Geologist inspects lava flow

Nature is pleased to support efforts by Earth scientists to share their data.Credit: Mario Tama/Getty

Nature and Scientific Data are pleased to endorse the Enabling FAIR Data initiative in the Earth, space and environmental sciences. Funded by the Laura and John Arnold Foundation, and convened by the American Geophysical Union in partnership with the Earth Science Information Partners and the Research Data Alliance, this initiative brings together a network of stakeholders who, through advocacy, policies, infrastructure and services to support data sharing, are working together to facilitate a shift towards open data becoming the default in the Earth sciences. As such, from January 2019, we will require that authors of papers in Earth sciences (and related space and environmental science fields) make supporting data available to others through community repositories where available.

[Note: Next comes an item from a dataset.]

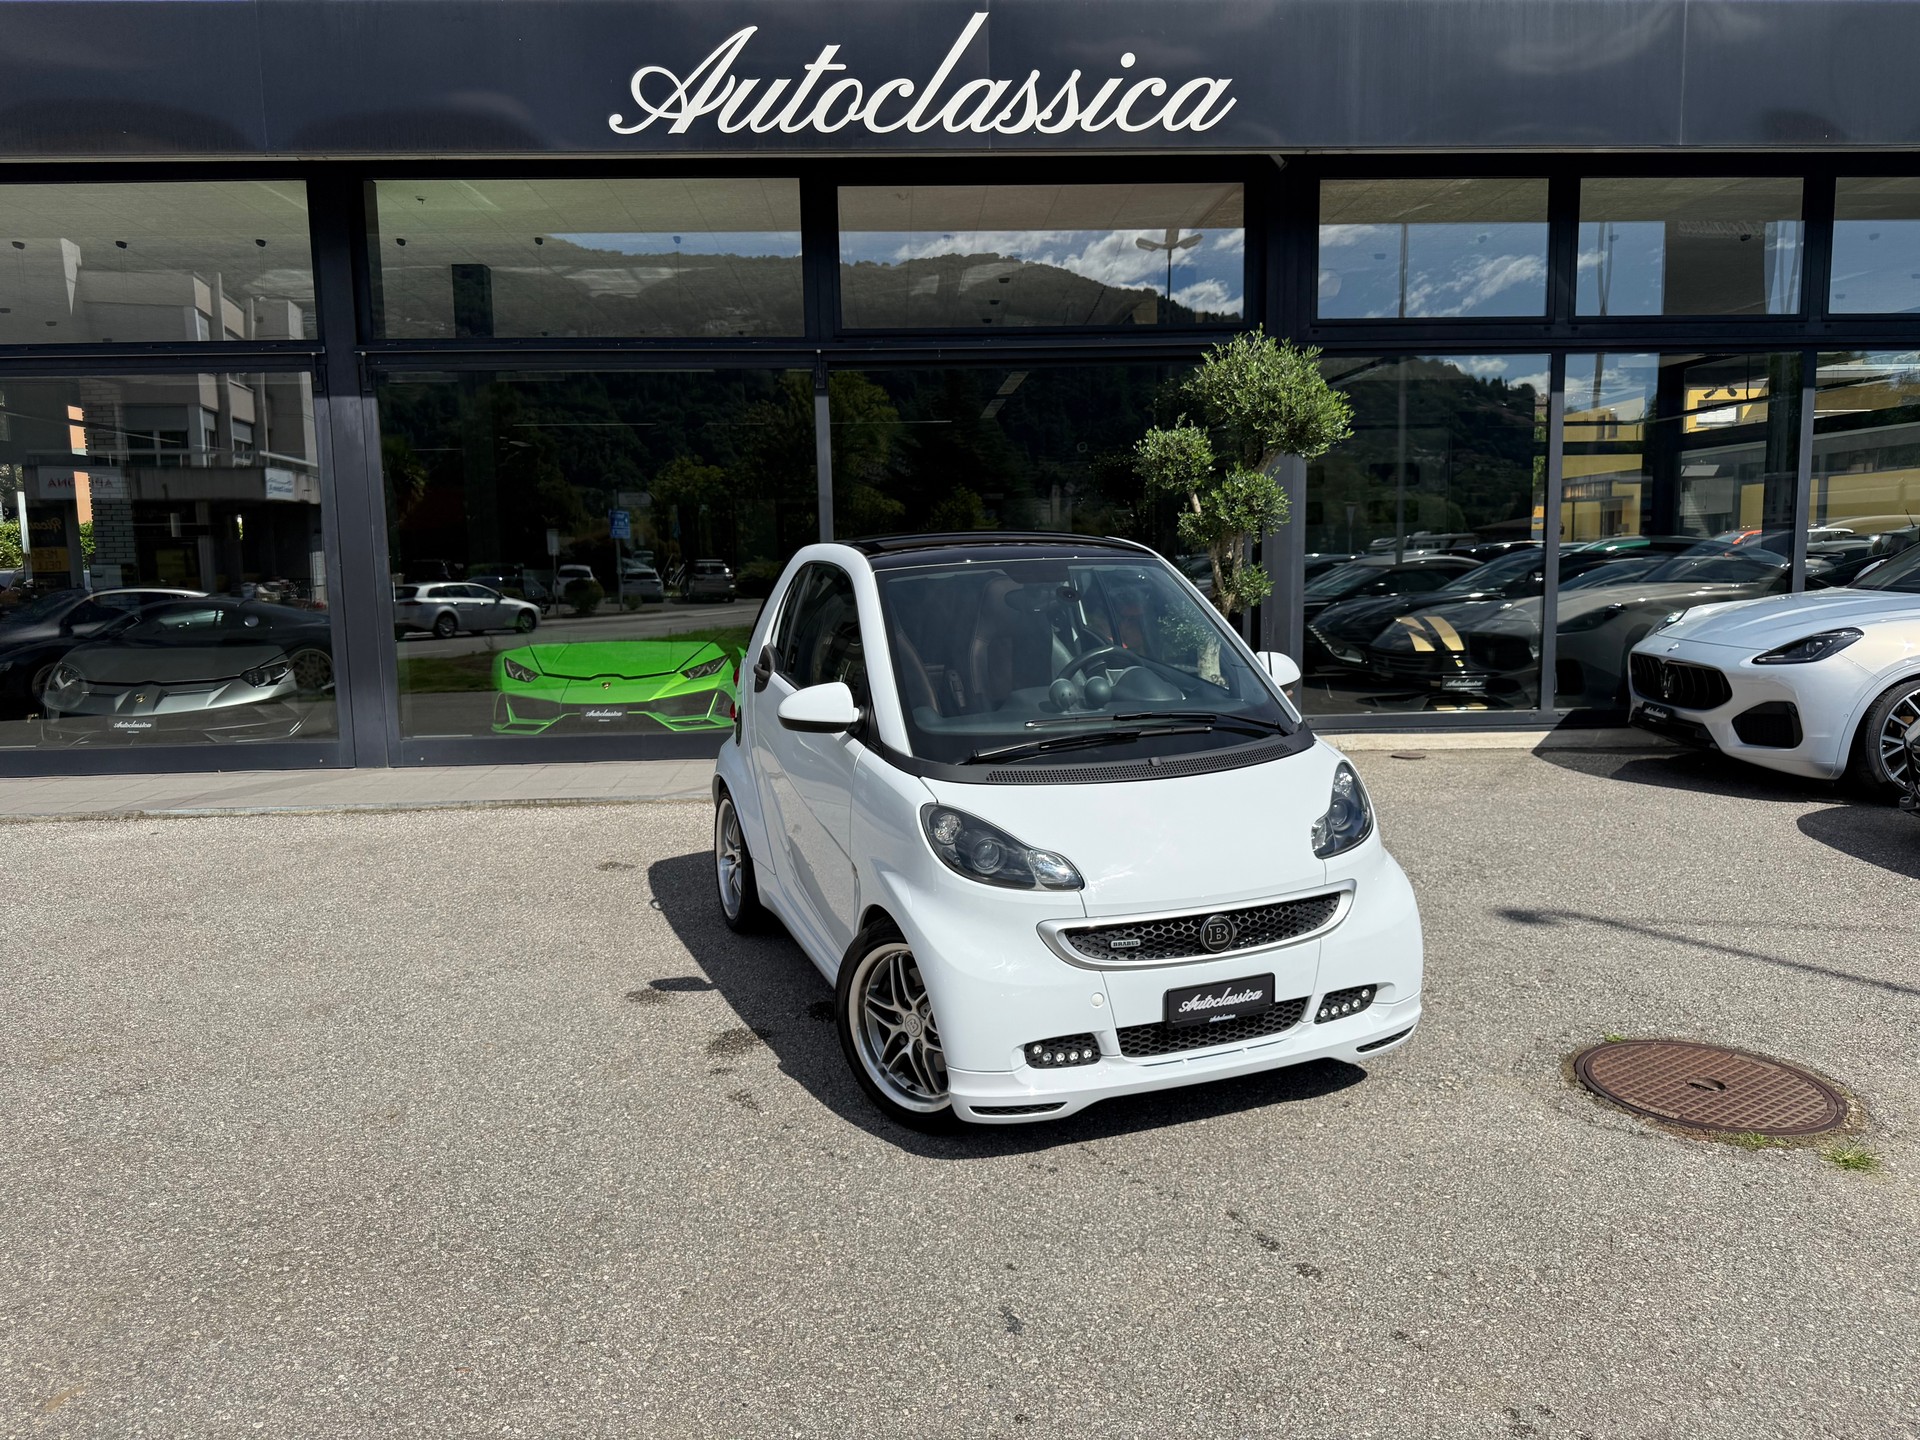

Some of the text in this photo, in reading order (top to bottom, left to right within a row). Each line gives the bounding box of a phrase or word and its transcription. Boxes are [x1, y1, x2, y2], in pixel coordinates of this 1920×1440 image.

[608, 11, 1237, 135] Autoclassica
[1112, 940, 1139, 948] BRABUS
[1208, 923, 1230, 945] B
[1178, 987, 1263, 1012] Autoclassica
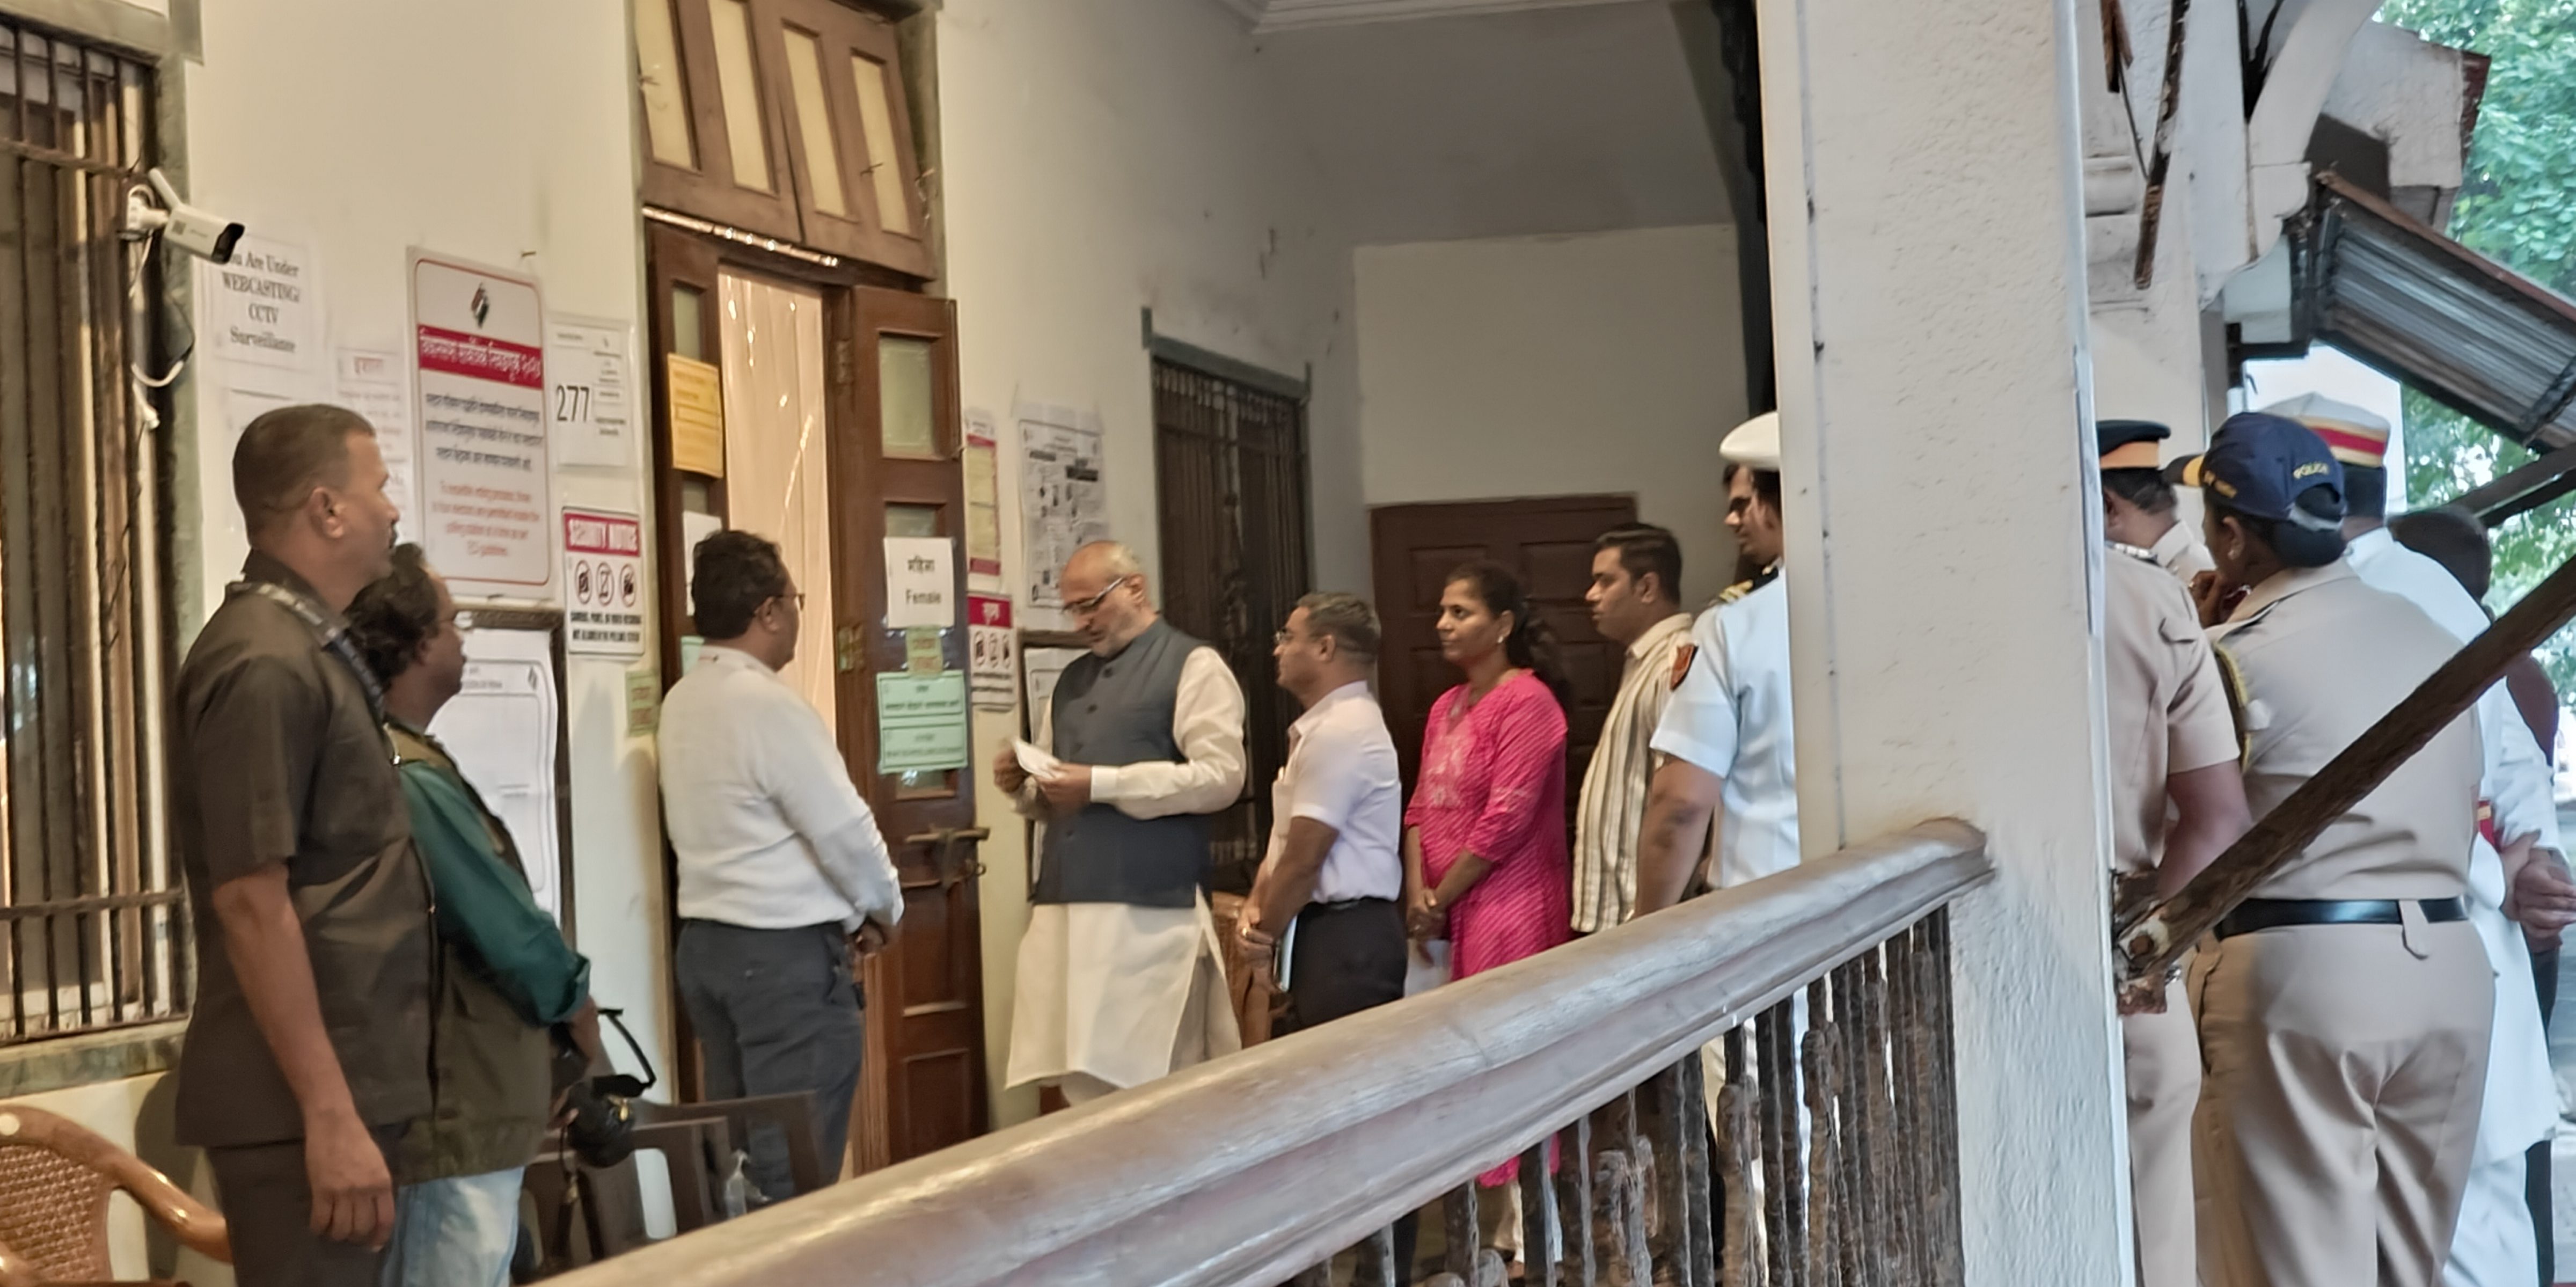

Where such repositories are not available, data sets may be put into general repositories such as figshare, Dryad or Zenodo. We will allow exceptions, for example to protect participant privacy, when authors do not own the rights to the data set or when publication would risk disclosing sites of ecologically sensitive samples. Initially, the policy will be implemented at Nature, followed by relevant Nature Research journals. Scientific Data will be updating its list of recommended data repositories to help authors from these fields to comply with these new policies.

Establishing data as primary outputs of research, to be shared, cited and credited in their own right, has been a central feature of the drive by Nature Research and Springer Nature to support reproducible research in our journals. A number of funders have made important strides in mandating data sharing, but barriers remain for researchers who face challenges such as finding the right repository, curating data sets so they can be reused, and a lack of standards for curation and incentives for sharing.

We have taken a number of steps to support and incentivize data sharing, from introducing standardized research-data policies and the Research Data Helpdesk, which provides free advice on research-data policies and data repositories, to launching Research Data Support, a paid data-curation service available to authors who have published in any journal. We have also created dedicated forums for data-focused publication, such as Scientific Data. This journal already enforces rigorous standards for data deposition, preservation and open sharing that align with many of the aims of the Enabling FAIR (findable, accessible, interoperable and reusable) Data initiative.

But policies, infrastructure and services only go so far. To make data sharing the norm, funders and institutions must shift incentives and recognize and reward data generation, curation and sharing in research assessment. Most of all, it will require researchers to embrace the benefits of data sharing for underlining the integrity and reproducibility of their work, and for the scholarly ecosystem of funders, publishers, repositories, institutions and societies to work in partnership. The Enabling FAIR Data project marks an important step in this collective journey.